Using the `cats_agg` DataFrame you made earlier, recreate Figure 2 from the paper (reproduced here):

![](figs/Fig2.png)

Don't worry if the data you visualize don't match the paper - we're *not* using the study's original data

Instead make sure:  

- X-axis values *and* colors reflect *condition* 

- Y-axis values reflect *looking time in frames*

- The left and right columns in the plot reflect the *setting* a cat came from

- You should also overlay data from individual cats as *points* on the boxplot

*Hint: Check out the [layering plots](https://stat-intuitions.com/labs/3/02_new_eda_seaborn.html#layering-plots-on-facetgrid) section of our lab tutorial for how to combine multiple plots onto a single `FacetGrid`*

In [None]:
# Your code here





# Optional: you can add this line to the end of your code to convert your y-axis
# to a log scale like the original paper

# plt.yscale('log')

## Part (3) Main effect of living environment - between cats

Let's try to reproduce the main effect of *setting* - whether cats who live in a house have a *lower* average looking time than cats who live in a cafe.

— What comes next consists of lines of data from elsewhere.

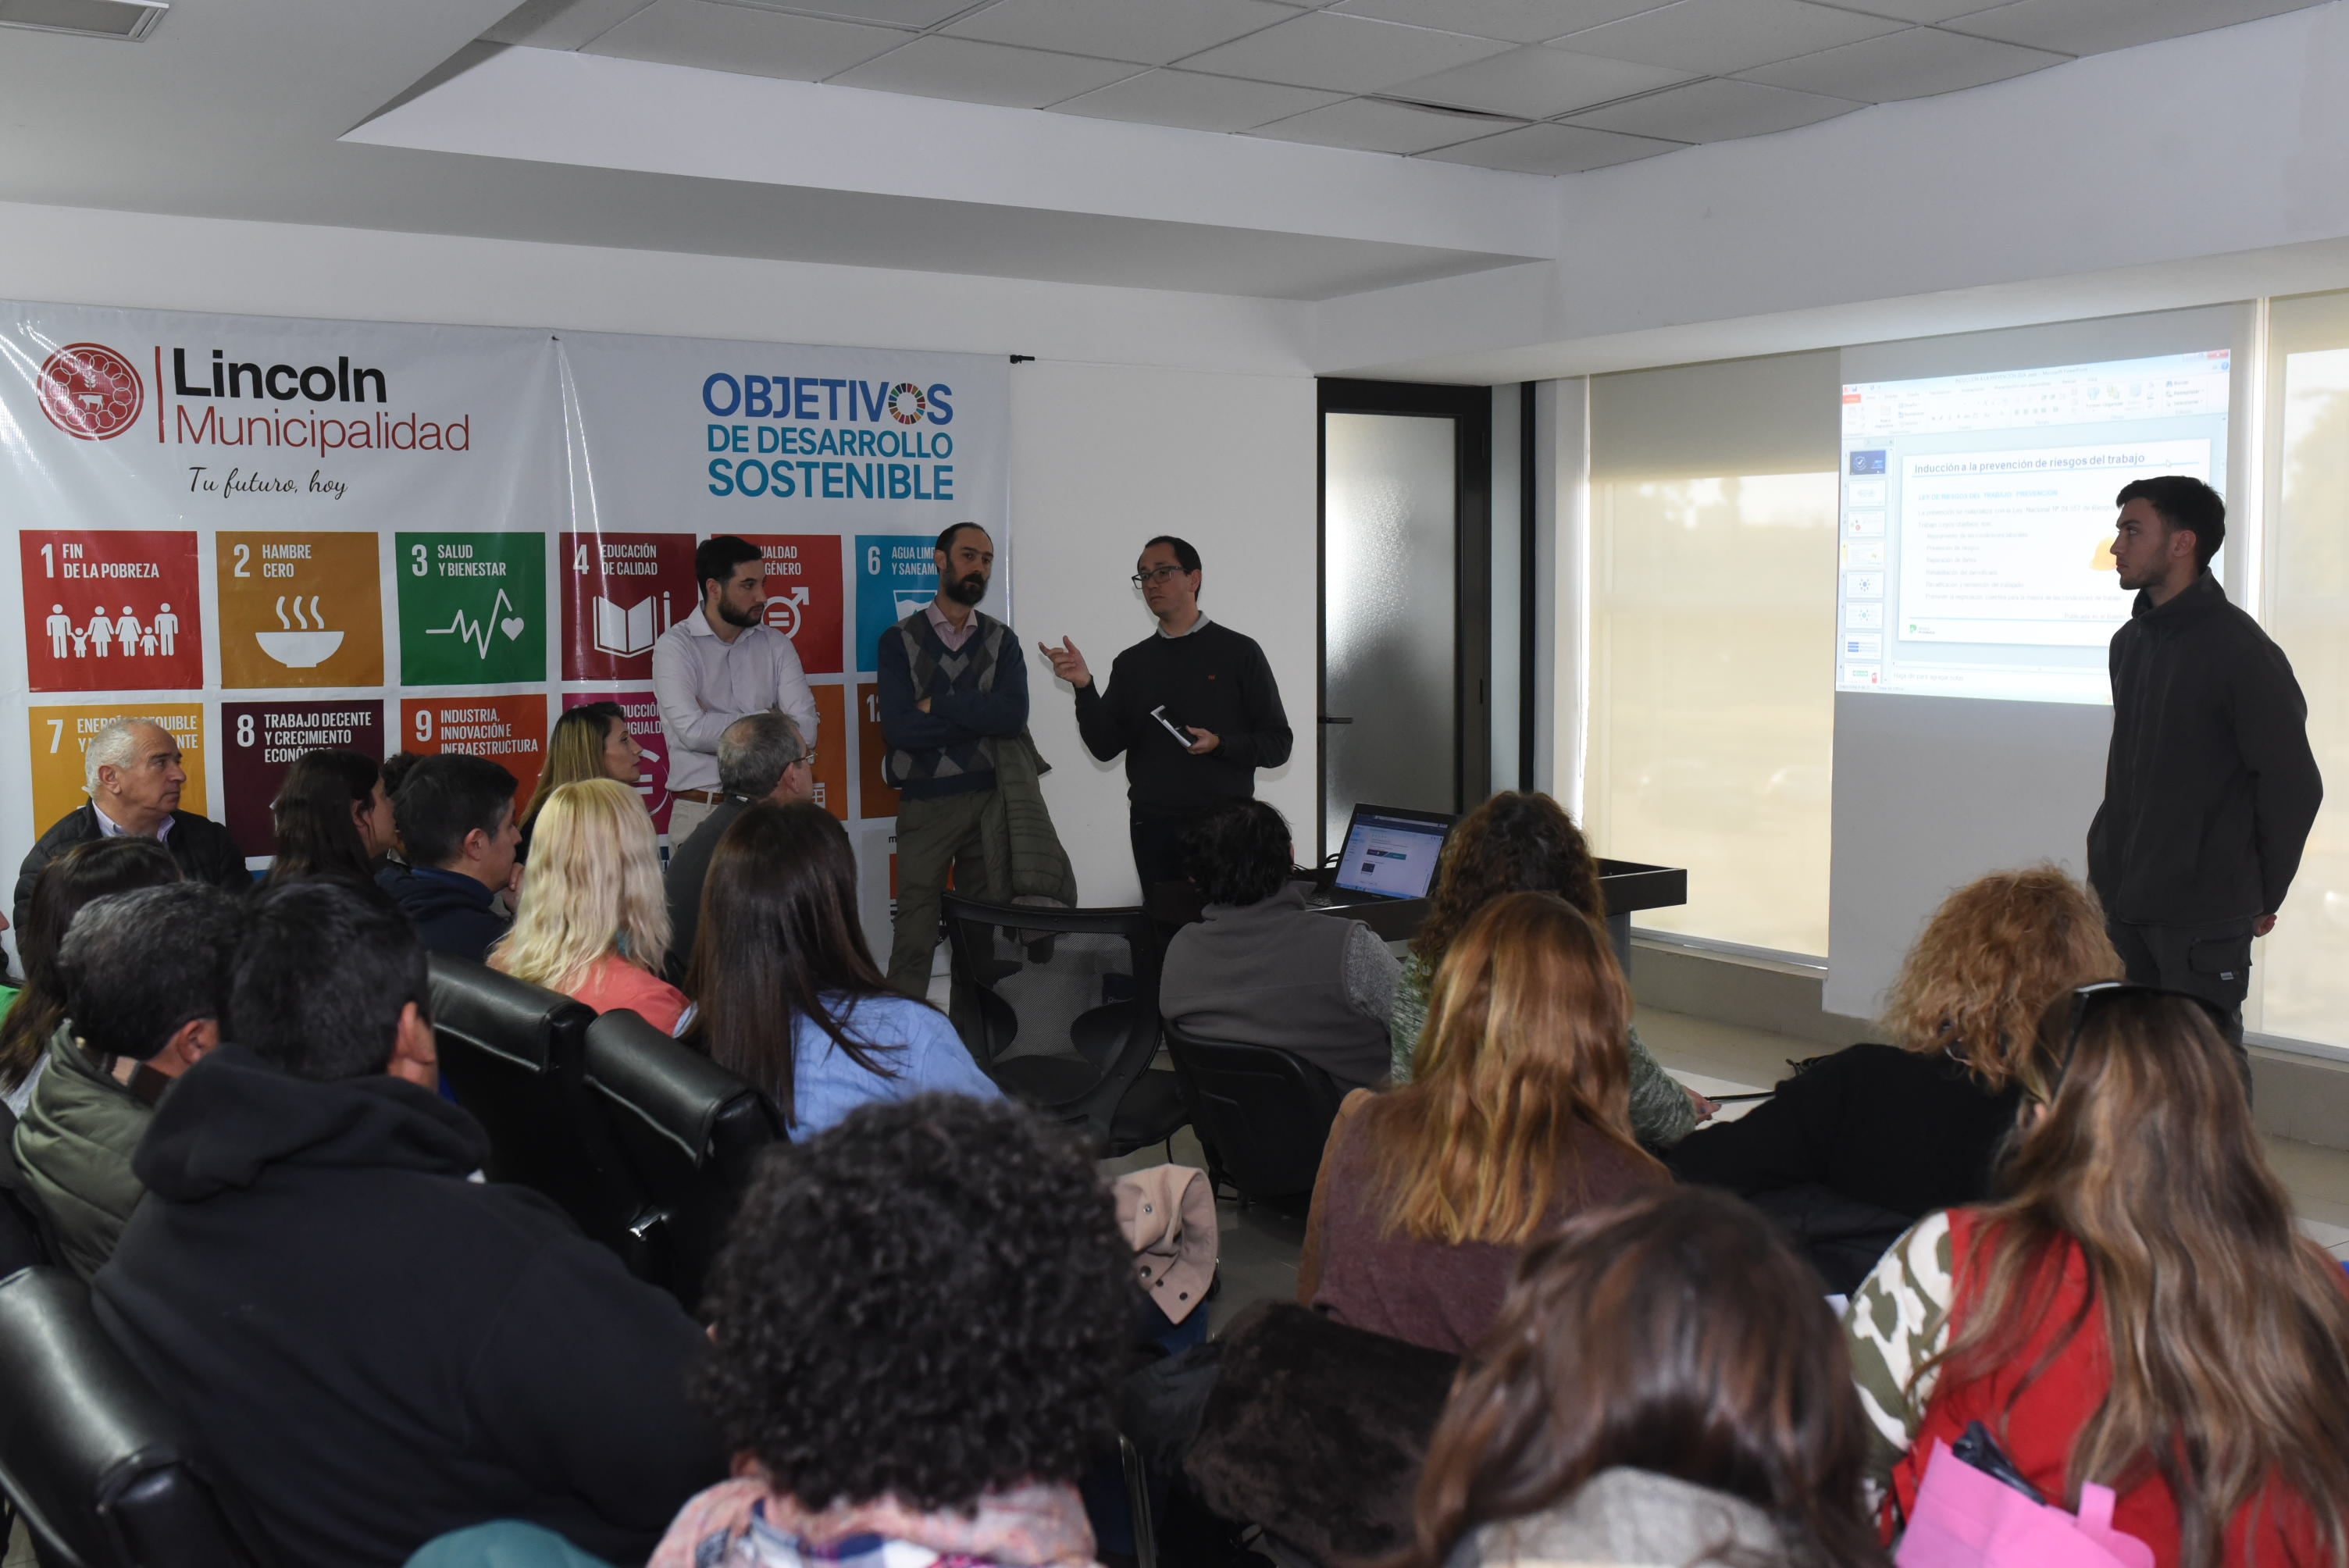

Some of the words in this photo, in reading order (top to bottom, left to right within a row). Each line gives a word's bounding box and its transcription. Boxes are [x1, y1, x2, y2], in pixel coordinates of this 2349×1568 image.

[173, 347, 387, 403] Lincoln
[703, 372, 954, 426] OBJETIVOS
[176, 404, 469, 458] Municipalidad
[708, 424, 750, 453] DE
[757, 426, 954, 459] DESARROLLO
[1915, 462, 1959, 473] Inducción
[1969, 462, 1977, 472] la
[1980, 459, 2033, 474] prevención
[2035, 458, 2048, 469] de
[2049, 458, 2087, 469] riesgos
[2089, 455, 2105, 465] del
[2107, 453, 2145, 465] trabajo
[190, 466, 218, 493] Tu
[224, 468, 299, 500] futuro,
[308, 469, 349, 500] hoy
[708, 458, 954, 501] SOSTENIBLE
[62, 543, 83, 559] FIN
[262, 544, 312, 560] HAMBRE
[437, 544, 473, 559] SALUD
[601, 543, 657, 559] EDUCACIÓN
[760, 545, 797, 559] UALDAD
[892, 547, 914, 559] AGUA
[917, 547, 936, 559] LIMP
[41, 543, 55, 579] 1
[233, 543, 251, 578] 2
[412, 544, 428, 576] 3
[573, 544, 590, 576] 4
[602, 561, 615, 576] DE
[616, 561, 658, 576] CALIDAD
[765, 560, 801, 575] GÉNERO
[868, 546, 881, 576] 6
[63, 562, 80, 579] DE
[83, 562, 99, 579] LA
[102, 563, 159, 579] POBREZA
[262, 563, 294, 579] CERO
[438, 562, 446, 576] Y
[447, 561, 507, 577] BIENESTAR
[892, 562, 897, 576] Y
[899, 562, 939, 576] SANEAMI
[440, 708, 501, 724] INDUSTRIA,
[866, 693, 882, 722] 1
[264, 713, 319, 728] TRABAJO
[322, 711, 372, 727] DECENTE
[415, 710, 433, 742] 9
[47, 719, 63, 754] 7
[237, 714, 255, 747] 8
[265, 732, 273, 746] Y
[275, 729, 351, 745] CRECIMIENTO
[440, 723, 504, 740] INNOVACIÓN
[506, 723, 512, 737] E
[77, 737, 86, 753] Y
[440, 739, 538, 756] INFRAESTRUCTURA
[265, 746, 333, 763] ECONÓ

First update the figure you made in (2), by simplifying it to only display a single boxplot:
- X-axis value should reflect *setting* (cafe or house cats)
- Y-axis values should reflect *looking time in frames*

Using the `cats_agg` DataFrame you previously created, make a *new* DataFrame called `cats_agg_setting` that contains 3 columns:

- `cat_id`: the cat's ID
- `setting`: the environment the cat was raised in (cafe or house)
- `looking_time_frames`: the average looking time for the cat across all trials

*Hint you're summarizing within cat so think about a `.group_by` expression*

Filter the dataframe to create 2 new variables that are numpy arrays of:

- `house_cats`: rows of `looking_time_frames` where `setting` is 'house'
- `cafe_cats`: rows of `looking_time_frames` where `setting` is 'cafe'

*Hint you can use `.to_numpy()` to convert a polars column to a numpy array*

Using these 2 variables and the [permutation_test](https://docs.scipy.org/doc/scipy/reference/generated/scipy.stats.permutation_test.html) function from `scipy.stats` perform an **independent** permutation test to compare the **difference between the means** of each group.

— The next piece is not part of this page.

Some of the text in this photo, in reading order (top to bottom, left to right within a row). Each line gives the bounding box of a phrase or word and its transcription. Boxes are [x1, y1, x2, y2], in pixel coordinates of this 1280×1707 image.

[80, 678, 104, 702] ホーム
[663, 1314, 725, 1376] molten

*Hint check out the [previous lecture tutorial illustrating how to use a permutation test](https://stat-intuitions.com/labs/3/04_permutation_comparison.html)*  
*Hint look at the `permutation_type` argument in function help to control the type of permutation test you're doing* 

Use the output of the `permutation_test` function and `matplotlib` to create a simple histogram of the null distribution and make sure to add:

- a vertical line of the observed mean difference in black
- put the observed mean difference and p-value in the title

*Hint: check out the help on the output of `permutation_test` to grab the values you need*

Using the results from the permutation test, the histogram of the null distribution, and the simplified boxplot you made - write a few sentences interpreting and explaining the results.

How do they compare to the results from the paper?

*Your response here...*

## Part (4) Main effect of condition - *within* cat

Now let's try to reproduce the main effect of *condition* - whether looking times were *higher* in incongruent trials relative to congruent trials.

First update the figure you made in (2), by simplifying it to only display a single boxplot, but **this time**:
- X-axis value should reflect *condition* (congruent or incongruent trials)
- Y-axis values should reflect *looking time in frames*

Using the `cats_agg` DataFrame you previously created, make a *new* DataFrame called `cats_wide_condition` that contains 3 columns:

- `cat_id`: the cat's ID
- `incongruent`: looking time for incongruent trials
- `congruent`: looking time for congruent trials

*Hint: This time we're not summarizing, but [reshaping](https://stat-intuitions.com/labs/3/01_polars.html#reshaping-dataframes) because we want to pivot our measurement of looking time from rows into 2 new columns - one for each condition.*   

Use the incongruent and congruent columns to create 2 new variables that are numpy arrays of:

- `incongruent_trials`
- `congruent_trials`


Using these 2 variables and the [permutation_test](https://docs.scipy.org/doc/scipy/reference/generated/scipy.stats.permutation_test.html) function from `scipy.stats` perform a **samples** permutation test to compare the **mean difference** between conditions.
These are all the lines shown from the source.